4. Arguments on behalf of exporters/importers.

Rule 23 of Anti-Dumping Rules covers all types of reviews. Provisions of Rules 6 to 20 of the Anti-Dumping Rules except Rules 12 to 15 are applicable for review. Therefore, the Designated Authority is required to make a fresh determination of dumping and injury to domestic industry and to recommend anti-dumping duty which is required to be imposed for removal of injury to domestic industry. Under Section 9A(5), the Designated Authority has to determine the duty which is not likely to lead continuation or recurrence of dumping and injury. The provisions of Section 9A(5) should be read with the provisions of Section 9A(1). Therefore, in sunset review, the Designated Authority can propose modification of quantum of duty imposed earlier. This is also clear from the provisions of Section 9AA of the Customs Tariff Act which provides for giving refund where importer has paid anti-dumping duty imposed under Sub-section 1 of Section 9A in excess of actual margin of dumping in relation to article. Therefore, under Section 9A(5) lower anti-dumping duty can be imposed than the original anti-dumping duty imposed under Section 9A(1). Therefore, the challenge of the domestic industry for reduction of duty for imports from China in case of producers whose goods were exported by Liaoning Jiayi Metals and Minerals Co. Ltd. is as per provisions of law. It was also argued that in sunset review, the entire procedure for determination of fresh anti-dumping duty is followed. All the interested parties are allowed to participate init. Therefore, the separate duties can be fixed for separate exporter based on the evidence produced by them. Sunset review cannot remain limited to only those very exporters who earlier participated in an initial imposition of definitive anti-dumping duty. During sunset review, if from the same country, new exporters come forward and cooperate with the investigation and establish from their record that they are not dumping or margin of dumping is less than what was fixed at the initial stage of definitive anti-dumping duty, then they can do so as there is no prohibition for the same under the law.

4.1 It was also argued that where landed value of imported goods is more than non-injurious price, then there is no reason for imposing anti-dumping duty in such cases. Therefore, D.A. has correctly recommended withdrawal of anti-dumping duty on graphite electrodes (UHP).
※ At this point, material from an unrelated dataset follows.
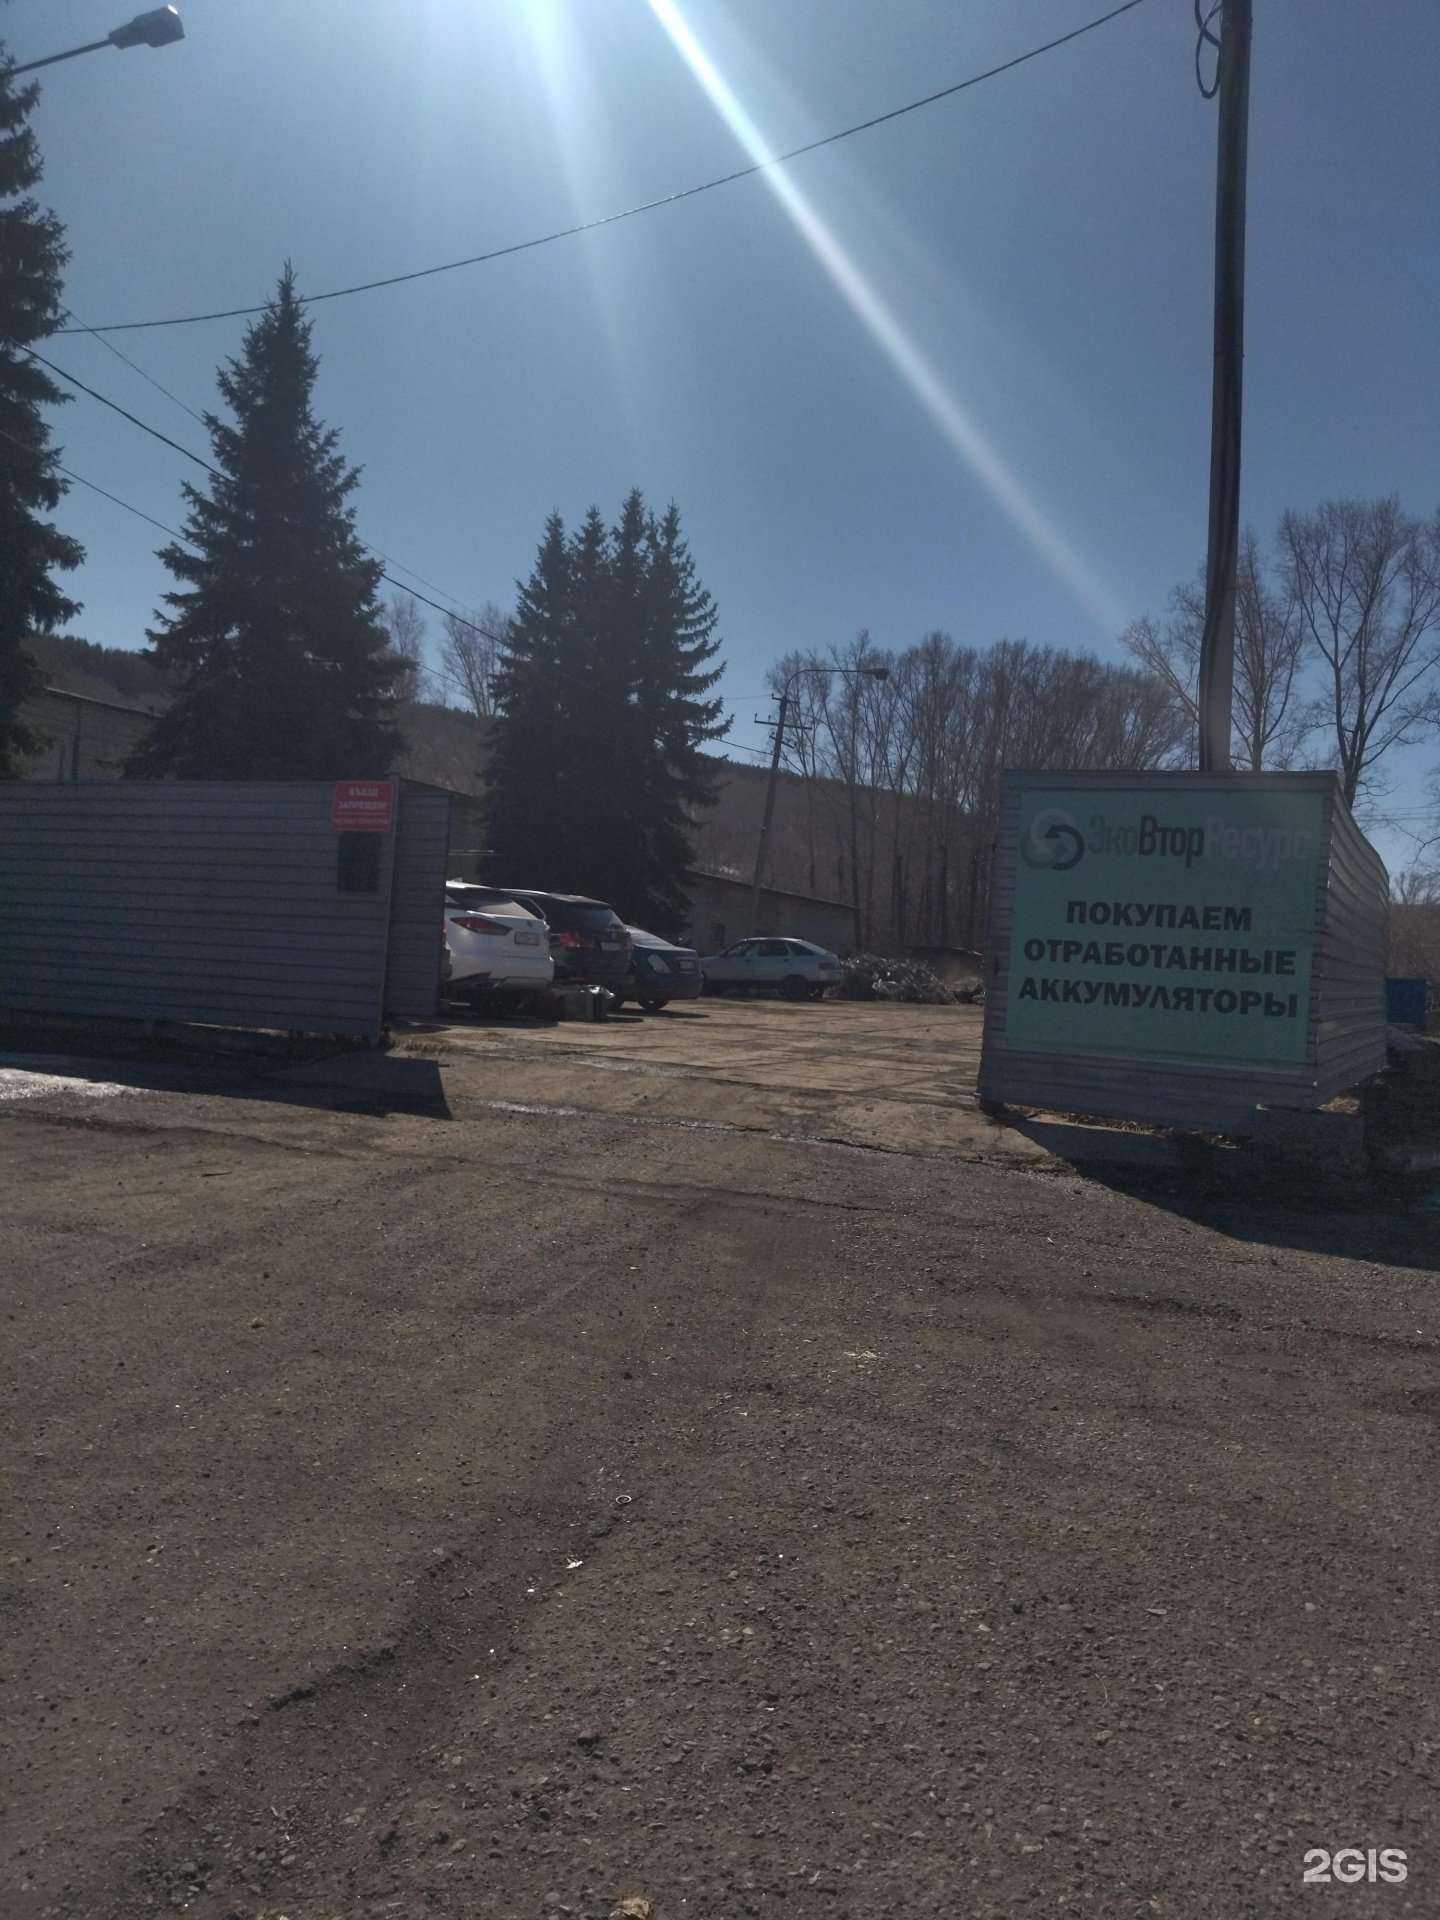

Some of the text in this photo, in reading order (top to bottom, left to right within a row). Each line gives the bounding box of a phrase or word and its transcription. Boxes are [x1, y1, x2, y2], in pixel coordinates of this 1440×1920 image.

[1065, 900, 1252, 931] ПОКУПАЕМ
[1023, 938, 1297, 976] ОТРАБОТАННЫЕ
[1018, 977, 1298, 1018] АККУМУЛЯТОРЫ
4.2 The Designated Authority is required to examine the conditions prevalent at the time of sunset review and to come to the conclusion whether there is likelihood of injury on the basis of such situation. WTO's decision referred to by the appellants in the case of carbon steel imports from Japan is for whether anti-dumping duty to be continued or not but it does not relate to whether duty can be modified or not. According to Indian law, as stated above, duty can be modified and, accordingly, duty of U.S.$ 234.54 per MT was correctly recommended by the Designated Authority. The adjustment of 20% in quality of electrodes was based on the evidence on record. This was disclosed in the disclosure statement and no contrary evidence was submitted by the domestic industry to challenge this position. The adjustment of quality is permitted. Reference was made to para 48 of the Commission Regulation (EEC No. 406 to 88 of 23.12.1988).
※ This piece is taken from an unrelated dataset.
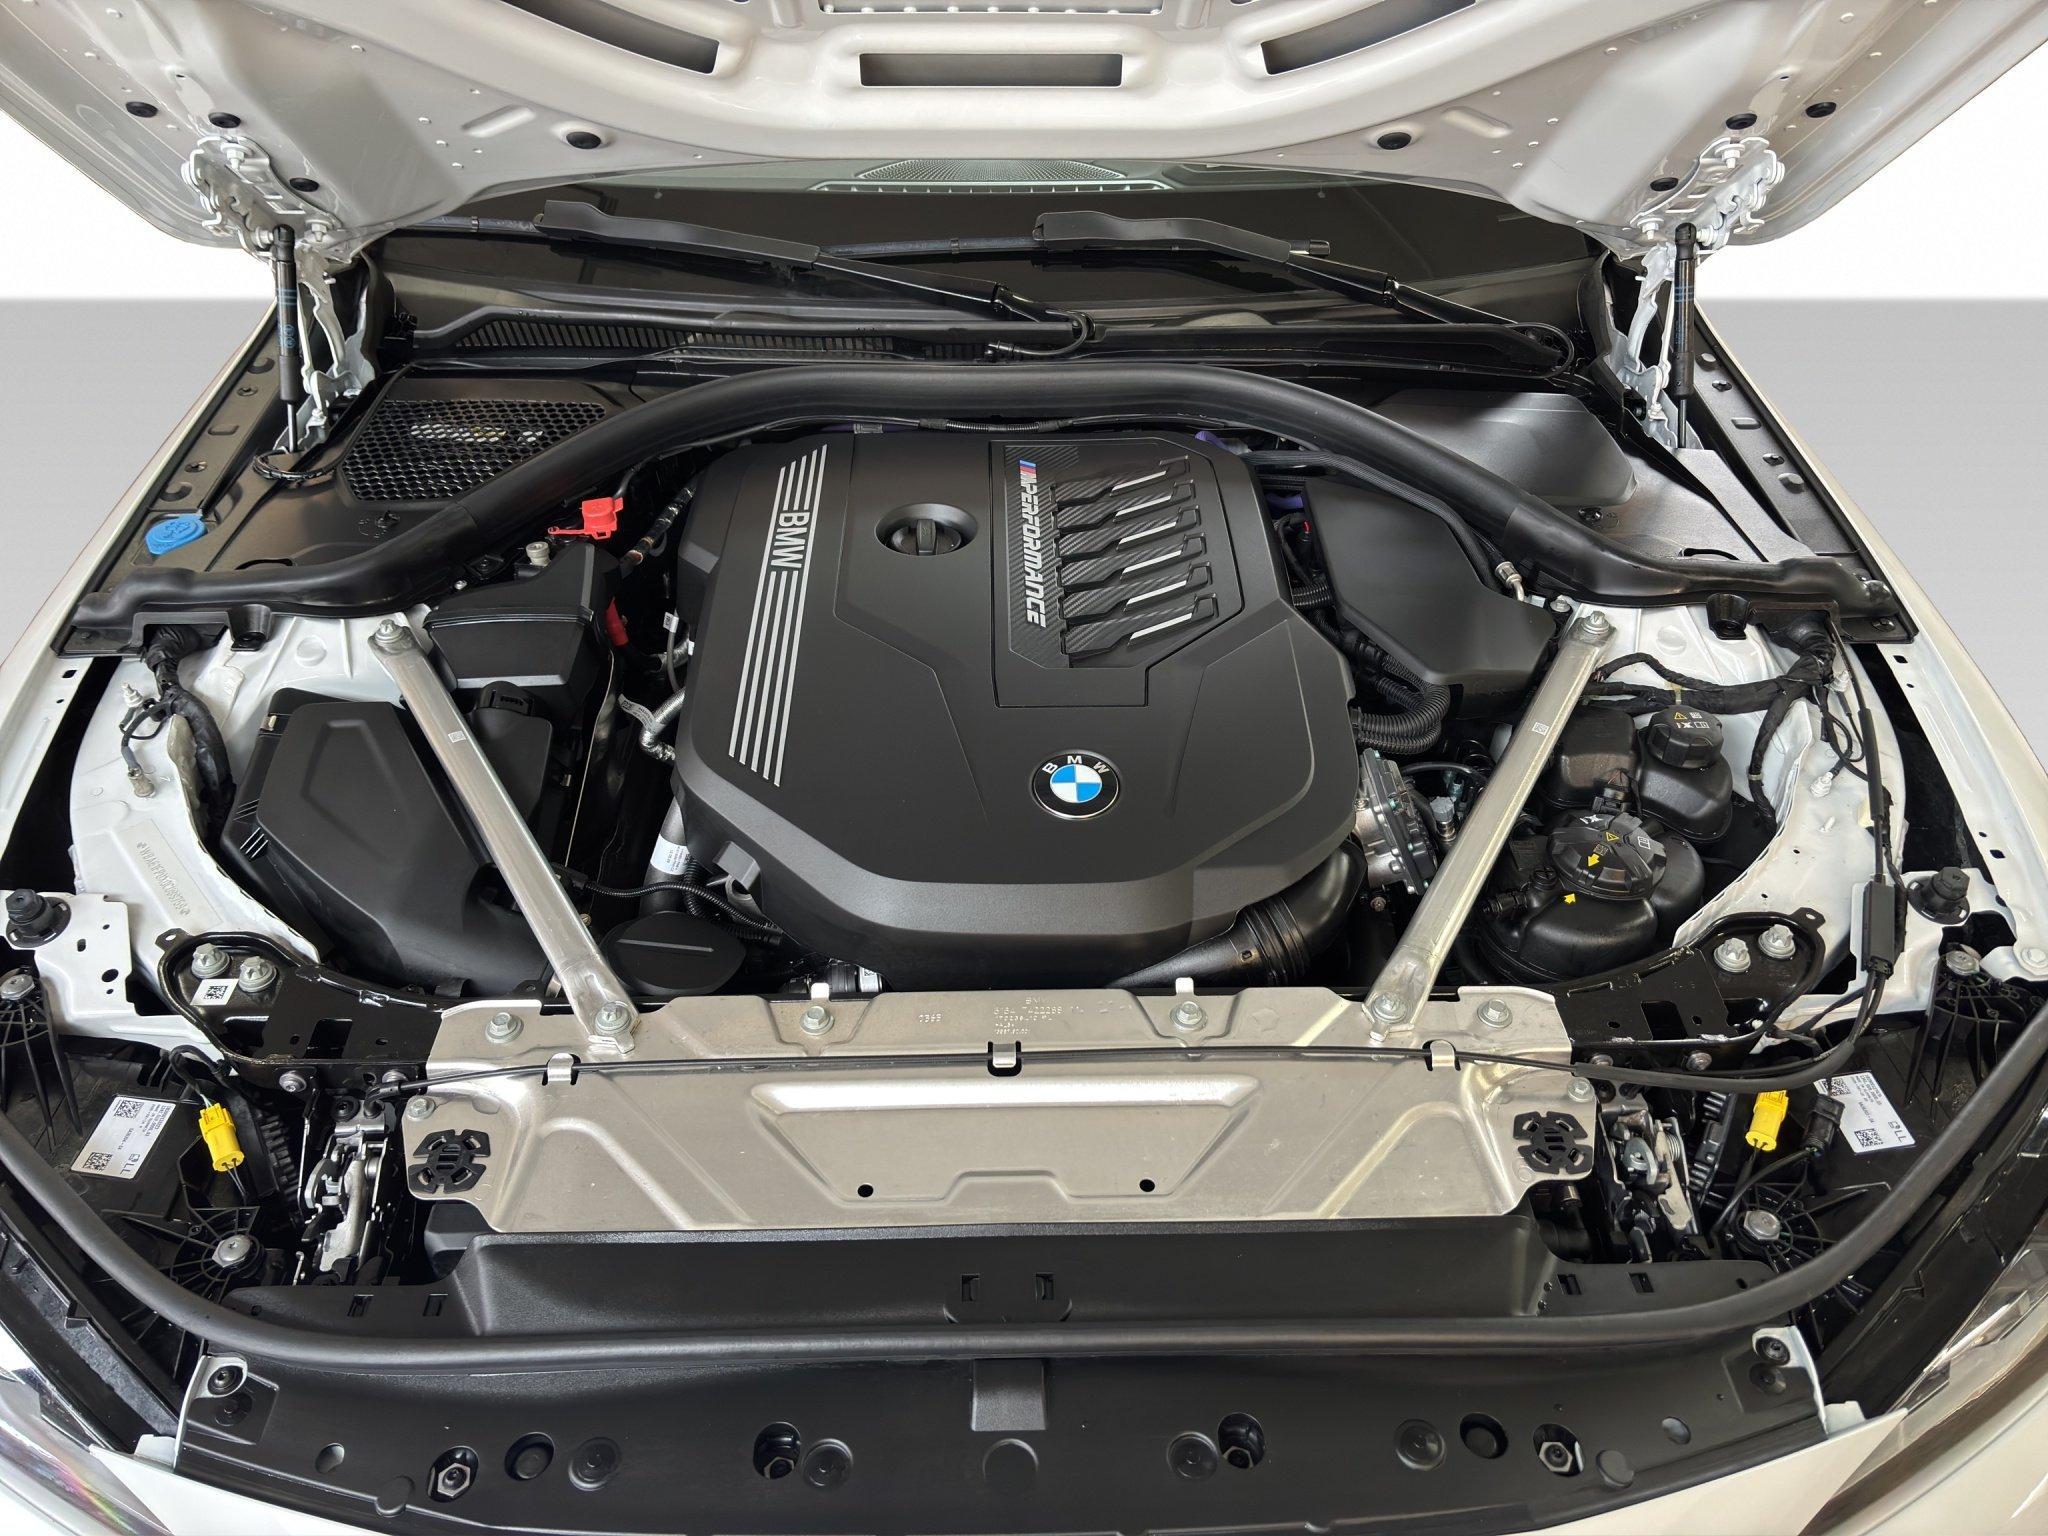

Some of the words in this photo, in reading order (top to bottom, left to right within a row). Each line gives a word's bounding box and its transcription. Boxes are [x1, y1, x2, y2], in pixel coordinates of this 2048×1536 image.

[771, 511, 811, 568] BMW
[1020, 483, 1047, 628] PERFORMANCE
[1041, 755, 1110, 774] BMW
4.3 On behalf of M/s SGL Carbon, it was argued that under sunset review, according to Section 9A(5) of the Customs Tariff Act, the Designated Authority is required to frame an opinion whether cessation of anti-dumping duty is likely to lead to continuation or recurrence of dumping and injury. For framing such opinion, the following factors become relevant:

(1) How domestic industry performed in the Interrangum period after imposition of definitive anti-dumping duty and till the time of sunset review. To examine this, the D.A. has to consider all 15 parameters prescribed for the said purpose.
(2) Change in the prices in the exporting countries and International market has to be examined.
(3) It has also to be examined whether domestic industry is exploiting the situation by raising the prices above the International level by taking advantage of anti-dumping duty.

The Designated Authority has taken into consideration the first two factors and come to the conclusion that only in respect of imports from China PR, there is dumping and, accordingly recommended anti-dumping duty which cannot be more than the margin of dumping. The D.A. has also noted that imports of graphite electrodes (UHP) are having higher landed price in India than non-injurious price for domestic industry. Therefore, there is no need of imposition of any anti-dumping duty. M/s. SGL Carbon had supplied the entire information which was necessary.

5. Arguments on behalf of the Designated Authority.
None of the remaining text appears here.